Collected data:
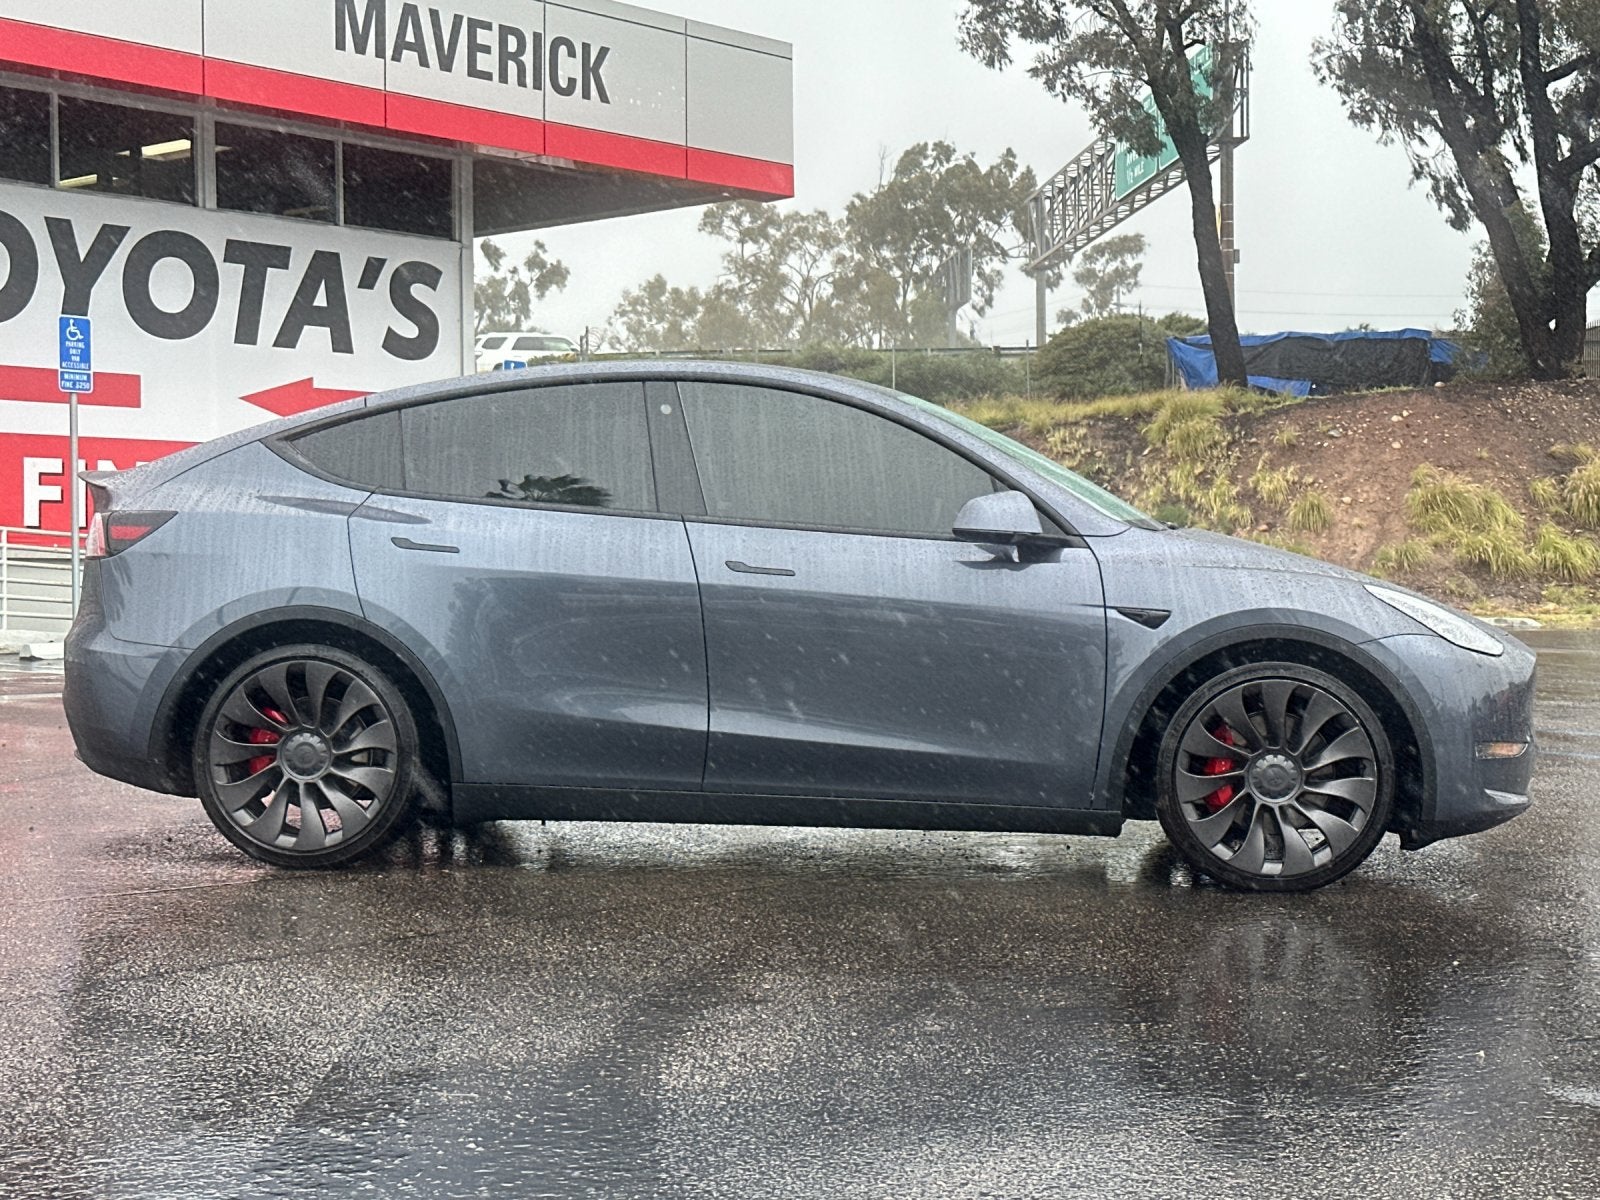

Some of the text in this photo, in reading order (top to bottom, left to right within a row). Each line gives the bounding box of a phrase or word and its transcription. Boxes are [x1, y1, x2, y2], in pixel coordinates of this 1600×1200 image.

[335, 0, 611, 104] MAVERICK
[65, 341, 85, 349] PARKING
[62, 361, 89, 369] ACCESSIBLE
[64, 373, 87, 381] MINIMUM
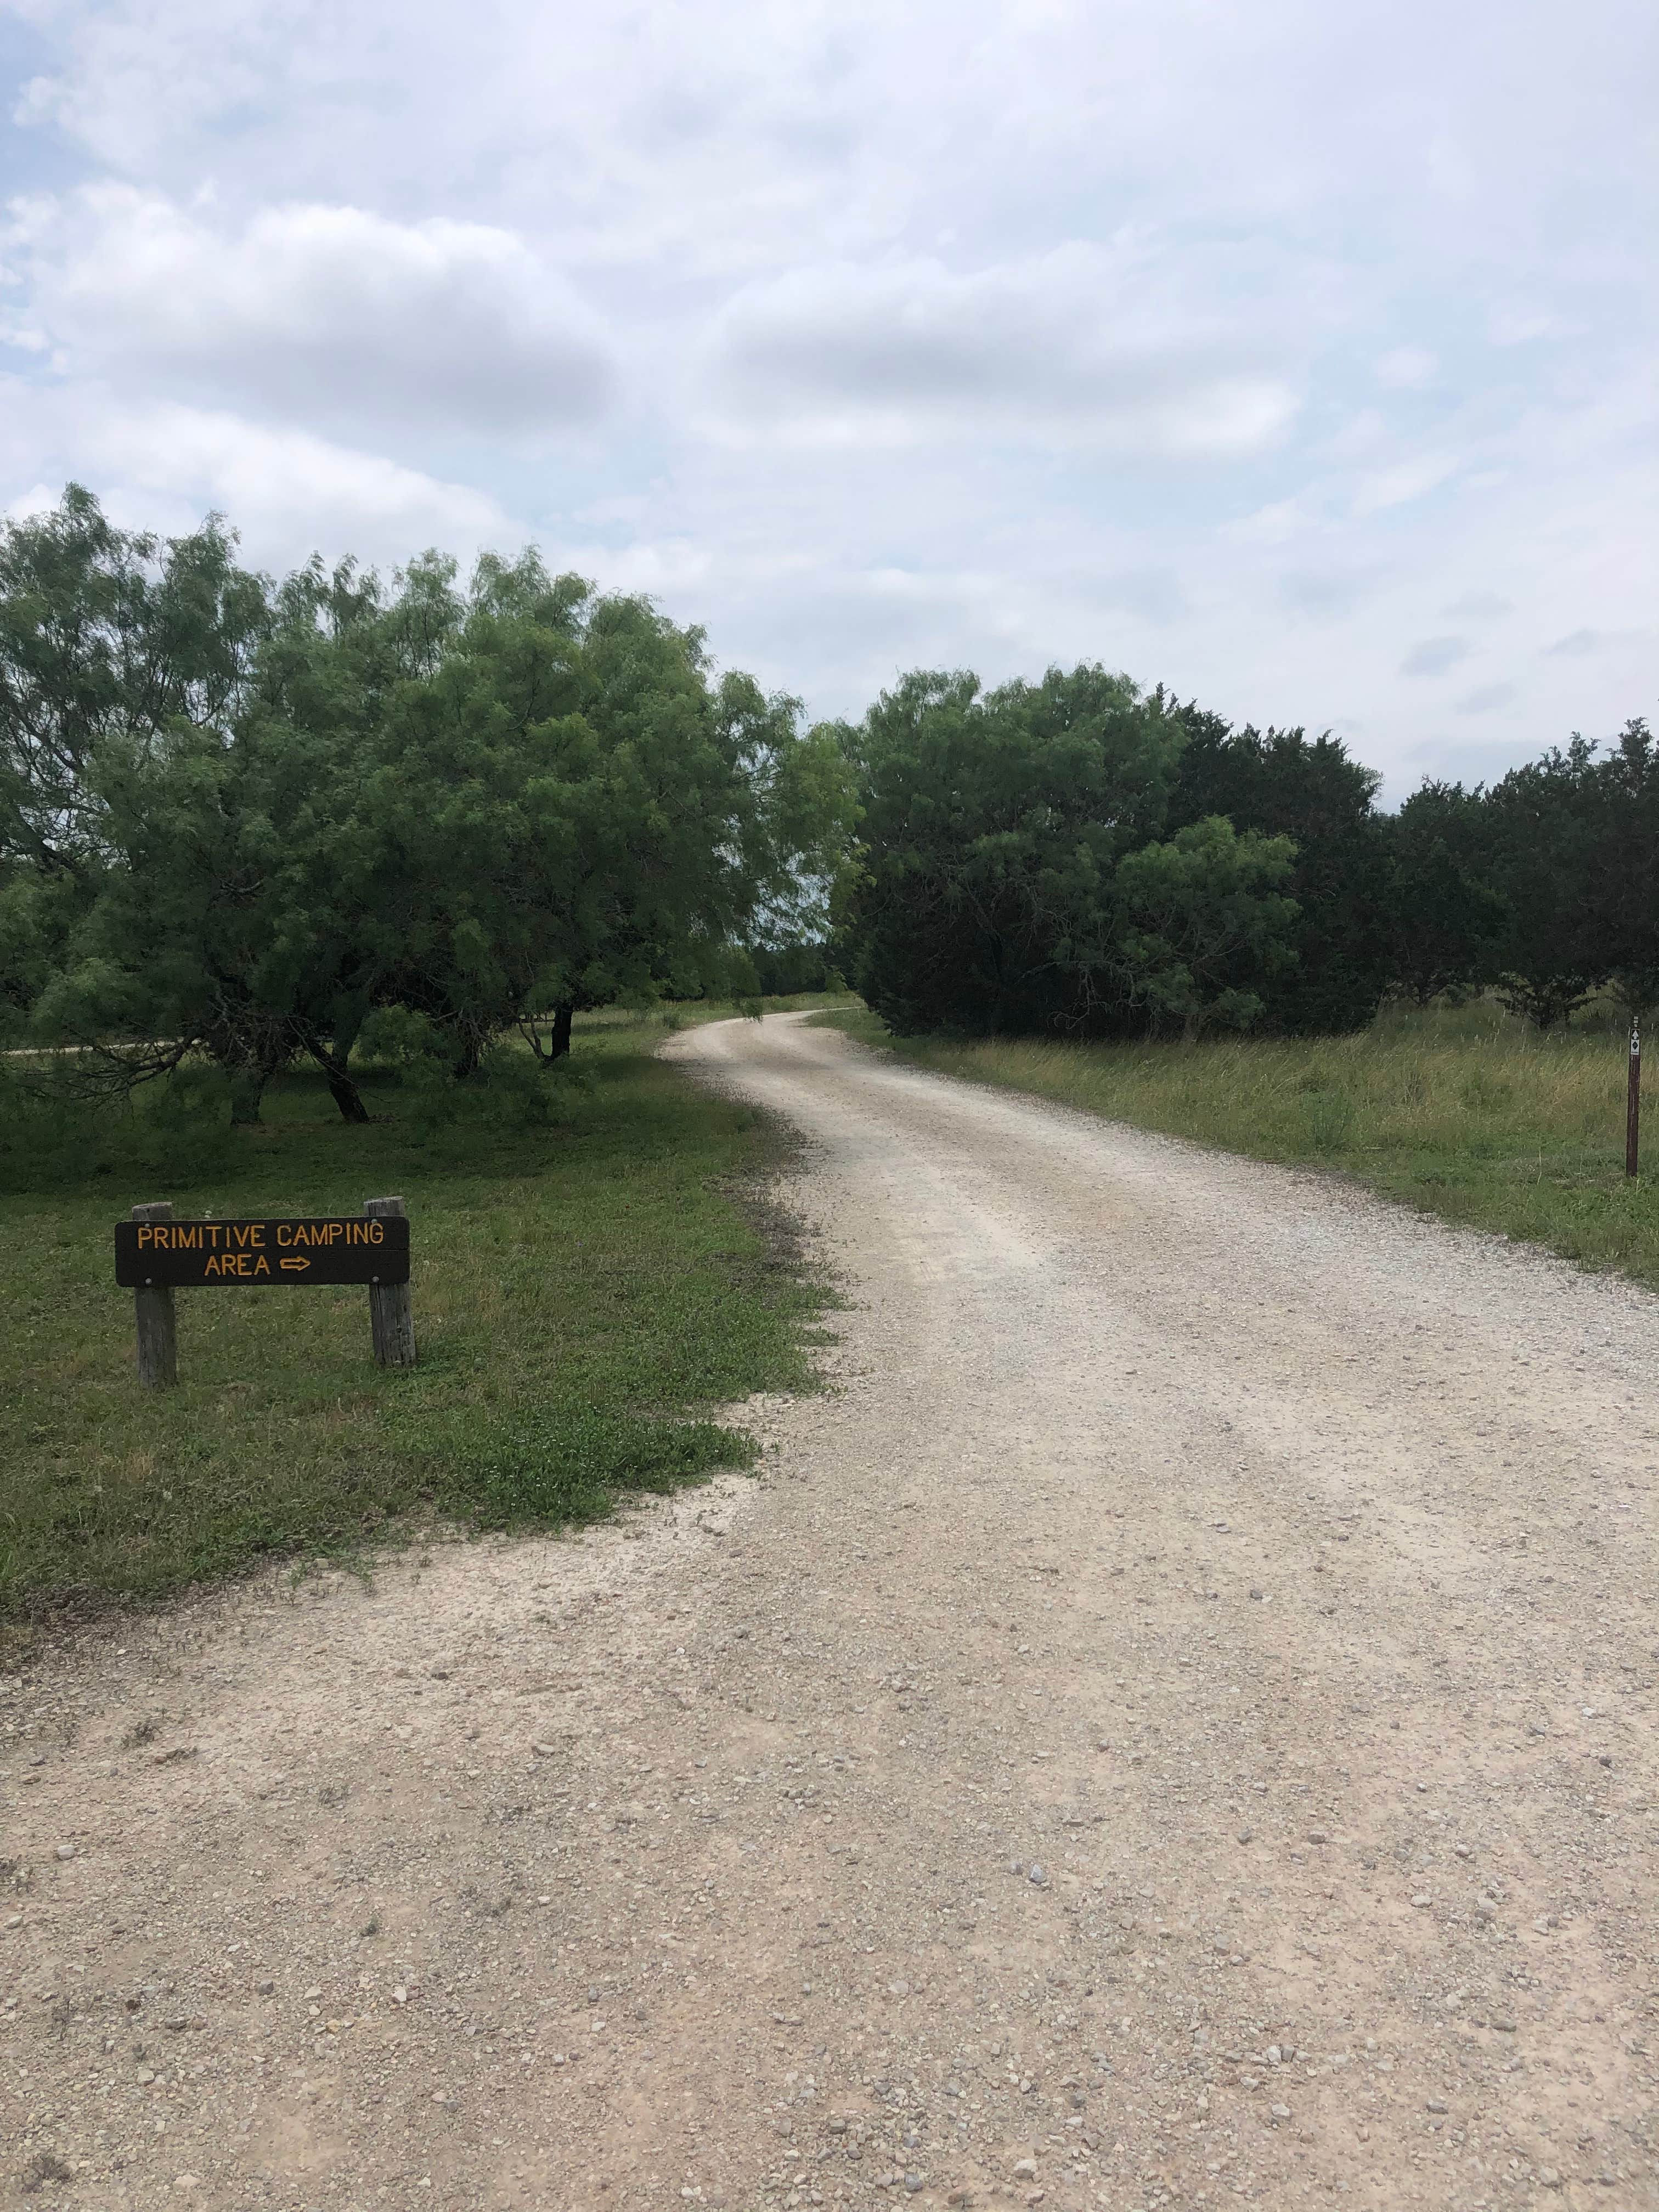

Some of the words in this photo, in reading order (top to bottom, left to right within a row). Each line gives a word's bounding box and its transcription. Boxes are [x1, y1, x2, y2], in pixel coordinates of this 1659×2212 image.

> [Requirement] Skip the pictures and transcribe the rest of the records exactly.

> [Answer below]
Some of the text in this photo, in reading order (top to bottom, left to right within a row). Each line gives the bounding box of a phrase or word and its transcription. Boxes are [x1, y1, x2, y2], in pixel coordinates of this 1600×1200 image.

[335, 0, 611, 104] MAVERICK
[65, 341, 85, 349] PARKING
[62, 361, 89, 369] ACCESSIBLE
[64, 373, 87, 381] MINIMUM

Some of the words in this photo, in reading order (top to bottom, left to right within a row). Each line gives a word's bounding box and its transcription. Boxes are [x1, y1, x2, y2], in pixel coordinates of this 1659×2212 image.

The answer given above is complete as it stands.